Впоследствии Гейтс пожертвовал один миллиард долларов для выплаты стипендии студентам из числа представителей национальных меньшинств. Объявление об этом было рассчитано по времени так, чтобы, по словам представителя Гейтса, «дать возможность ученикам средних школ претендовать на стипендию в будущем году». Но сделанное в сентябре 1998 года заявление намекало на другую дату: оставалось всего два дня до первой годовщины дара Тернера. Несколько месяцев спустя Гейтс и его супруга Мелинда объявили о новых пожертвованиях сначала в сумме 3,35 миллиарда, а затем еще 5 миллиардов долларов и продолжали, пока не создали крупнейший благотворительный фонд в мире, но и на этом не собираются останавливаться.

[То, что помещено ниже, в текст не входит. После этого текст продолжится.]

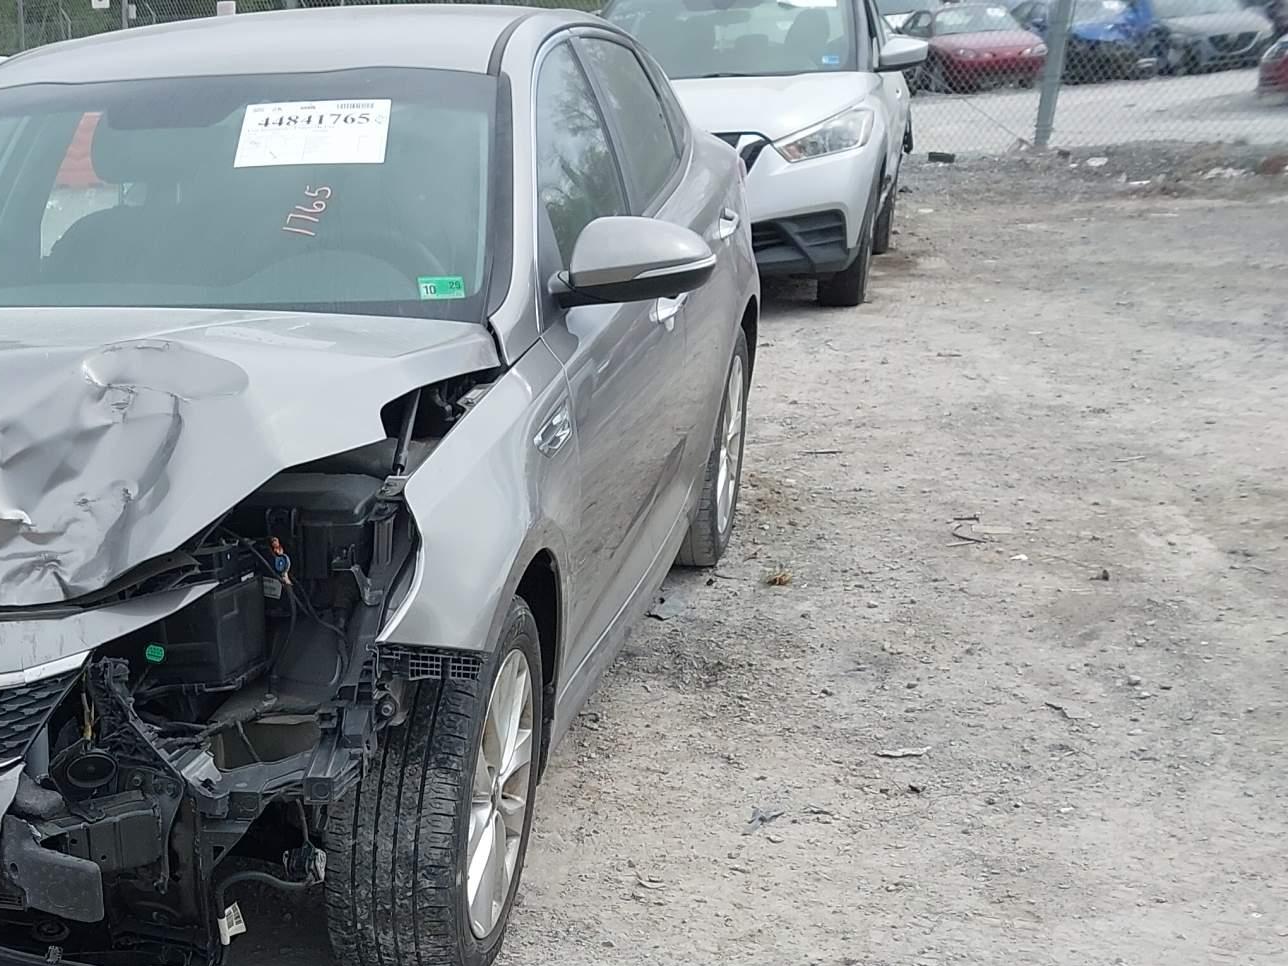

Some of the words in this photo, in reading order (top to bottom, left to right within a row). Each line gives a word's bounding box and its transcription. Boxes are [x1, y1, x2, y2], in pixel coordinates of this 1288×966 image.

[258, 113, 371, 127] 44841765
[282, 185, 332, 236] 1765
[423, 285, 437, 295] 10

Журнал Slate в статье Роберта Райта сравнил «соревновательную щедрость» босса с потлачами индейцев тихоокеанского побережья, когда-то живших на территории современного Сиэтла. Идея потлача заключалась в проявлении огромной щедрости, которая должна была вселить благоговейный страх в души друзей и заткнуть рты соперникам. Или, как сказали антропологи Тимоти Эрли и Аллен Джонсон: «„Большой человек“ и его приверженцы стремятся раздавить имя другой группы, погребя его под грудой даров». Можно было просто слышать, как племя Slate распевает на манер индейцев племени квакиутл: «Наш вождь нагоняет стыд на лица. / Наш вождь нагоняет зависть на лица. / Своими деяниями в этом мире наш вождь заставляет людей закрывать лица, / Устраивая вновь и вновь пиры для всех племен». На это вождь отвечает: «Я – единственное большое дерево, я – вождь! / Я – единственное большое дерево, я – вождь! / Вы зависите от меня, племена».
Но если Тернера раздавили этой мощью, то стал ли его миллиардный подарок проявлением доминантного положения? Укрепил он таким образом свою позицию или ослабил ее?